Jan 19, 2014; Chicago, IL, USA; Boston Bruins center David Krejci (46) waits for play to begin against the Chicago Blackhawks during the third period at the United Center. The Blackhawks beat the Bruins 3-2 in the shootout. Mandatory Credit: Rob Grabowski-USA TODAY Sports

David Krejci telling his family not to go to Sochi

The Olympic Games are supposed to be about nations putting away their acrimony in the spirit of healthy international competition. The atmosphere in Sochi is quickly turning ugly.  Protests are erupting all over the Russian state, and Russian President Vladimir Putin feels all too willing to escalate matters. This is creating a very uneasy air for the Olympic athletes and their families. This includes the Olympians who currently play for the Boston Bruins.

“I told my family not to go, but my mom wants to go so I can’t stop her,” Bruins center David Krejci (and player for the Czech Republic) said to the media today. “I would prefer if she wouldn’t go, and I understand everybody that doesn’t want their families to go. It’s kind of a scary situation. I’m pretty sure the Russian President is going to take care of everything, and make the Olympic Games safe.”

The Bruins will be representing five countries this year (Canada, Czech Republic, Finland, Slovakia, and Sweden), and there is a tension brewing in the Bruins camp.  CBS.com stated that Patrice Bergeron asked his wife not to go to Sochi. There is no other information on the other players at this time.
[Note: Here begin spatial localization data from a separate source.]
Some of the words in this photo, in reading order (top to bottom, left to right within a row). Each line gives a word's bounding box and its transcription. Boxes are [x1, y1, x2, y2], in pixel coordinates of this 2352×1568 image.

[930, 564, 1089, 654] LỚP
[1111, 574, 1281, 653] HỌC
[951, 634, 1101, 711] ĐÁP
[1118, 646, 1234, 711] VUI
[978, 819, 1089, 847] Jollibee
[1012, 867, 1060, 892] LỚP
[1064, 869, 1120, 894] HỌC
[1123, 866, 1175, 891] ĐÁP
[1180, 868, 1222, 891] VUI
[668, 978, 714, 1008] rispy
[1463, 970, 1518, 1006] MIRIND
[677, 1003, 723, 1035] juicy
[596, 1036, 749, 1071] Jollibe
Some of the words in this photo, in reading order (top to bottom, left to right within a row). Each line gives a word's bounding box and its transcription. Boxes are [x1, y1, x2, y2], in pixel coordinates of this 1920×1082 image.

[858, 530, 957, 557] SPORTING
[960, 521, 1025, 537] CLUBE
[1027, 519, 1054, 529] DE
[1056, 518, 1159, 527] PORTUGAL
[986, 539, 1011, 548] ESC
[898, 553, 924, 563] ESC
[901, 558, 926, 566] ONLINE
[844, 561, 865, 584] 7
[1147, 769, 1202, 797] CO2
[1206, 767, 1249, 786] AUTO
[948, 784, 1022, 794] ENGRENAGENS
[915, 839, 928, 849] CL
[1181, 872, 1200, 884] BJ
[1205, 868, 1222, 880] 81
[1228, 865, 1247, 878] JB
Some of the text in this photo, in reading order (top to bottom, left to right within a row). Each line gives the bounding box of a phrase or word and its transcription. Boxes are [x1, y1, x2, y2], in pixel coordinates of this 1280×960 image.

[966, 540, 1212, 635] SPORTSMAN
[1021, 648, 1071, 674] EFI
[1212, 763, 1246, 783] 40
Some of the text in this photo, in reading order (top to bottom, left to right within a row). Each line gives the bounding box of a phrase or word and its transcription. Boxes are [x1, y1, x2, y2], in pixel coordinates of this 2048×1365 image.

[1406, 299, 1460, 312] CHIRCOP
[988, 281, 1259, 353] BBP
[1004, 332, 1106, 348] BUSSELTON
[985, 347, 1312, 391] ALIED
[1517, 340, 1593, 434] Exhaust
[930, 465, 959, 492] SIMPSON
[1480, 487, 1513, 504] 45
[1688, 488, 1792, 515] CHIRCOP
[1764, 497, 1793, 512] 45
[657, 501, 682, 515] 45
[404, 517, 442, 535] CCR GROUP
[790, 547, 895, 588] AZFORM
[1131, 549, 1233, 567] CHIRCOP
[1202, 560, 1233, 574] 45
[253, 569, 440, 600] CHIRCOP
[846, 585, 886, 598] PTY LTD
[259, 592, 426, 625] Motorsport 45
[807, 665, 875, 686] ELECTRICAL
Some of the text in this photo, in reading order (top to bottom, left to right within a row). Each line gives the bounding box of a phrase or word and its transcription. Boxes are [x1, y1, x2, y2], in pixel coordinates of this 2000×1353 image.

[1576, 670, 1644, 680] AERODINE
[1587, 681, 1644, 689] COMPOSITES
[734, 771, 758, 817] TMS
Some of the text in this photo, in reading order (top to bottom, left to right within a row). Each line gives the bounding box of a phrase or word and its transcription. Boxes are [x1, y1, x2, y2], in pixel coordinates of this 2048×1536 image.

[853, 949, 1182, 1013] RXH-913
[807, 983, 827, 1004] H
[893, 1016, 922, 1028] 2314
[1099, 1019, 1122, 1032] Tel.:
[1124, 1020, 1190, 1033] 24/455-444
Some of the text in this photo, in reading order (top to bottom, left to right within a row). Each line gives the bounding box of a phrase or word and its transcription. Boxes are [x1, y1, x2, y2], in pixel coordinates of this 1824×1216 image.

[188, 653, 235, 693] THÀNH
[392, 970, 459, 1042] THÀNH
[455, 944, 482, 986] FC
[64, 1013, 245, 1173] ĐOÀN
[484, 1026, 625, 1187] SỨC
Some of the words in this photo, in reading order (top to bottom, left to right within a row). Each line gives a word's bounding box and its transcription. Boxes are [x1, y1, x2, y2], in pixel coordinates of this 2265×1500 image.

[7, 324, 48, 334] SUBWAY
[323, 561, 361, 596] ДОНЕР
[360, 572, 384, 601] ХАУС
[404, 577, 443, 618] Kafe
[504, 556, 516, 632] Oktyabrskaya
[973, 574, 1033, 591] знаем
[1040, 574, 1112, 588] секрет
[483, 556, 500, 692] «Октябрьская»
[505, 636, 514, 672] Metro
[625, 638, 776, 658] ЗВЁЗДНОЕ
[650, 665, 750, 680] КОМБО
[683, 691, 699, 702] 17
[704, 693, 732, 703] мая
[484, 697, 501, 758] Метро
“We’ll see what happens,” continued Krejci. “I’ve been reading the papers and watching the TV. I know there’s been a lot of talk about it, and I know they’ve sent a lot of military people over there. It’s going to be interesting(Hopefully not in a Doctor Strangelove sort of way, or the Chinese curse sort of way.). You kind of don’t know what you’re getting into, but I’m pretty sure they’ll do everything they can to make it safe. If once you get there and all you see is military people everywhere, it’s going to be tough to focus [on hockey],” he said. “But I’m pretty sure it’s going to be fine. All the athletes will be at the village so I’m pretty sure it’s going to be fine.”

I’m old enough to have been alive during the Munich Olympic games. It changed the way a lot of my parents’ generation looked at the Olympics. Thankfully, we haven’t had anything like that since. It still worries me seeing our Bruins, the best of the NHL, and hundreds of American athletes and their families walking into a potential disaster.